Mohamed Ali Toumi  met l’accent sur l’importance d’une vision stratégique au delà de 2035.  En outre il propose que tous les cinq ans, il y ait une évaluation du secteur, une sorte de quinquennat. A l’heure actuelle, on ignore  tout sur le lendemain, mais l’essentiel, il faut une vision  et une stratégie tous les cinq ans », souligne-t-il.  

Et de poursuivre: “Nous n’avons travaillé au jour d’aujourd’hui sur aucune stratégie scientifique. Par exemple,  il n’y a aucune lecture du profil du touriste qui vient chez nous.  Aujourd’hui, les chercheurs conçoivent des algorithmes pour détecter le profil des touristes et comment les capter pour les attirer à prendre des vacances en Tunisie. Et cela doit être fait et le repenser dès maintenant ».

Oeuvrer pour un tourisme tunisien fort 

Selon Mohamed Ali Toumi, le vrai challenge d’aujourd’hui est d’oeuvrer à un tourisme tunisien fort et non fragile. Et d’ajouter: « Mais pour y parvenir, beaucoup de travail pour commencer. A savoir conserver le tourisme balnéaire, mais avec une complémentarité comme le tourisme culturel, écologique…. »

Les projets structurants et si on en parlait….

L’objectif  étant clair:  attirer un grand nombre de touristes… A titre d’exemple pourquoi ne pas créer un village sportif à Zaghouan par exemple.. Les meilleurs micro-climats se trouvent à Zaghaouan, c’est ce qu’a soulevé le ministre du Tourisme.

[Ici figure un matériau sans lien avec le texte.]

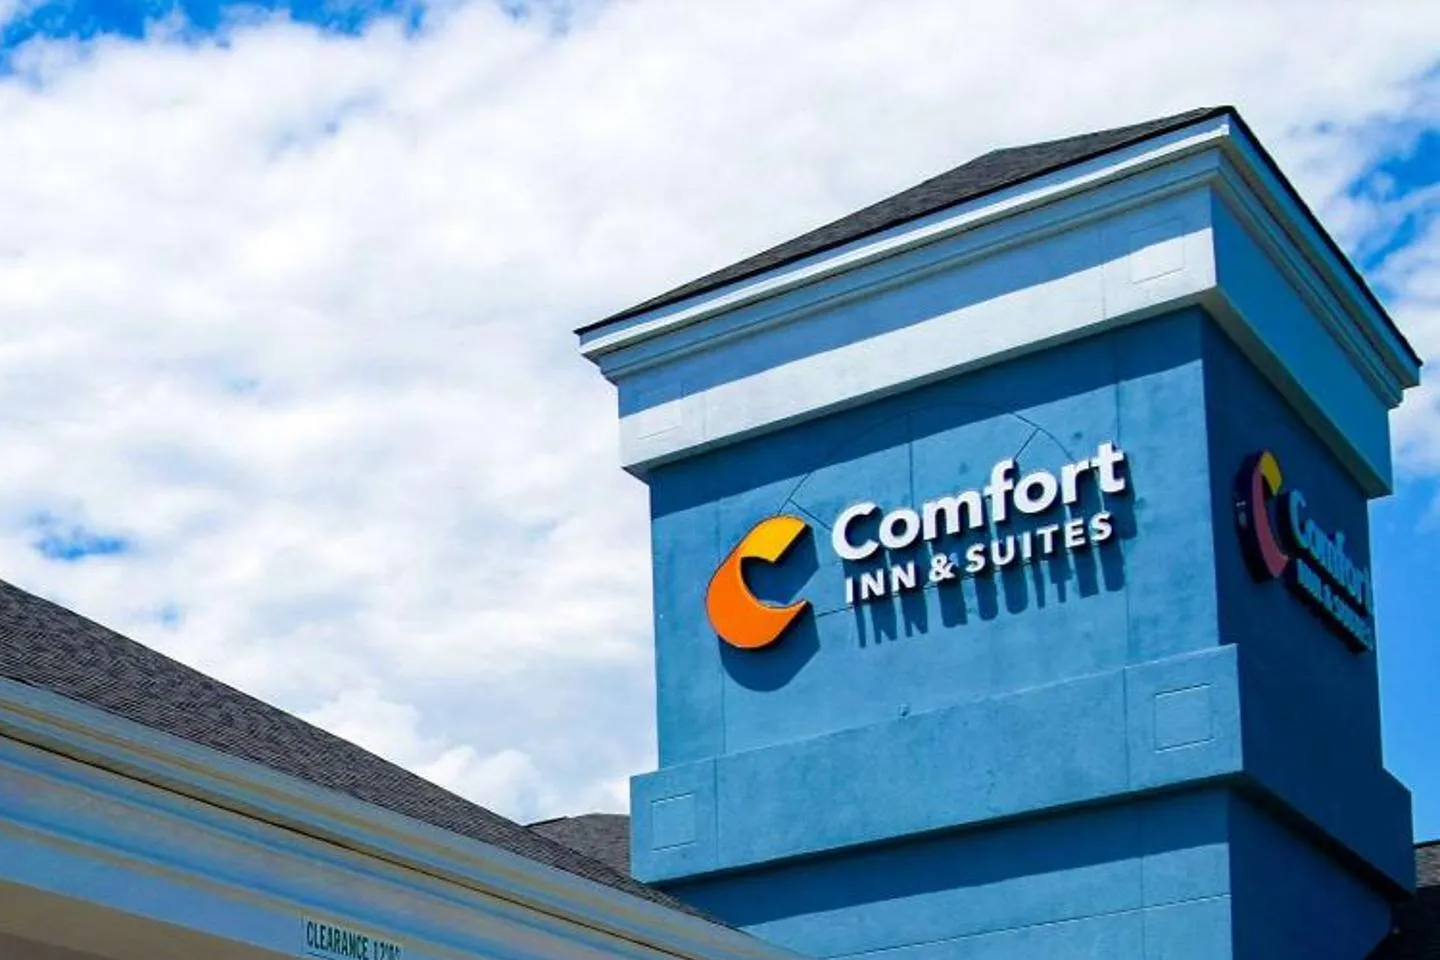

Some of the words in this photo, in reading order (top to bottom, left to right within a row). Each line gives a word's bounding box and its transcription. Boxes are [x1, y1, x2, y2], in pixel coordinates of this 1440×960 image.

[831, 441, 1126, 560] Comfort
[845, 560, 917, 604] INN
[929, 552, 956, 583] &
[964, 512, 1113, 573] SUITES

Tout en ajoutant qu’il faut mettre en place d’autres projets comme celui du port de plaisance à Mahdia, et ce pour sa proximité avec le monument d’El Jem  le plus célèbre de Tunisie. On doit savoir comment revaloriser notre patrimoine, qui est  un grand atout culturel de notre histoire. Et  comment attirer plus de touristes aussi. Car au final le touriste cherche aussi bien le soleil, la mer et la découverte de monuments culturels et historiques .. Nous possédons ce grand potentiel.. autant faire en sorte de relancer.. 

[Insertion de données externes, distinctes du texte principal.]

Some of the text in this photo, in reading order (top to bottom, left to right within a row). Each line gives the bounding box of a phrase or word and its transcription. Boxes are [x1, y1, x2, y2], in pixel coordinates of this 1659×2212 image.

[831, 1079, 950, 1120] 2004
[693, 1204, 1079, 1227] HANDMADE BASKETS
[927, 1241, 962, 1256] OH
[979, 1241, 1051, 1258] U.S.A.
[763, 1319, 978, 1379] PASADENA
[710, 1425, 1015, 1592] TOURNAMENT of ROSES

Le but est de faire de la Tunisie un hub touristique et que notre pays retrouve son élan d’autre fois, mais aussi de le développer.  A titre d’exemple pourquoi ne pas créer un grand parc d’attraction du côté d’Ennfidha, comme Africa Disney qui sera un grand atout pour le continent africain.  Or ce qu’il faut reconnaître, au delà des projets proposés, le Tunisien est de nature chaleureux, autant profiter de ce trait de caractère. Car la Tunisie d’aujourd’hui a besoin de voir grand et de se projeter dès maintenant dans l’avenir. 

Il précise dans ce contexte: “ Il faut penser grand”. Pour moi le plus grand défi c’est une vision pour 2035 qui sera prochainement présentée avant la fin de l’année. Mais plus encore, il faut miser sur la formation à l’échelle internationale et c’est ainsi qu’on relève le niveau. Et bien entendu, c’est aux professionnels que revient le rôle de ramener des touristes . Au ministre de prévoir une stratégie ». 

Autrement dit, il faut une évaluation d’une stratégie pour assurer la continuité de l’Etat. Comment relancer le tourisme dans 15 ans.  Pour parvenir à une relance de tourisme, il faut envisager un comité de recherche de développement et ce, dans le but d’assurer la pérennisation du secteur.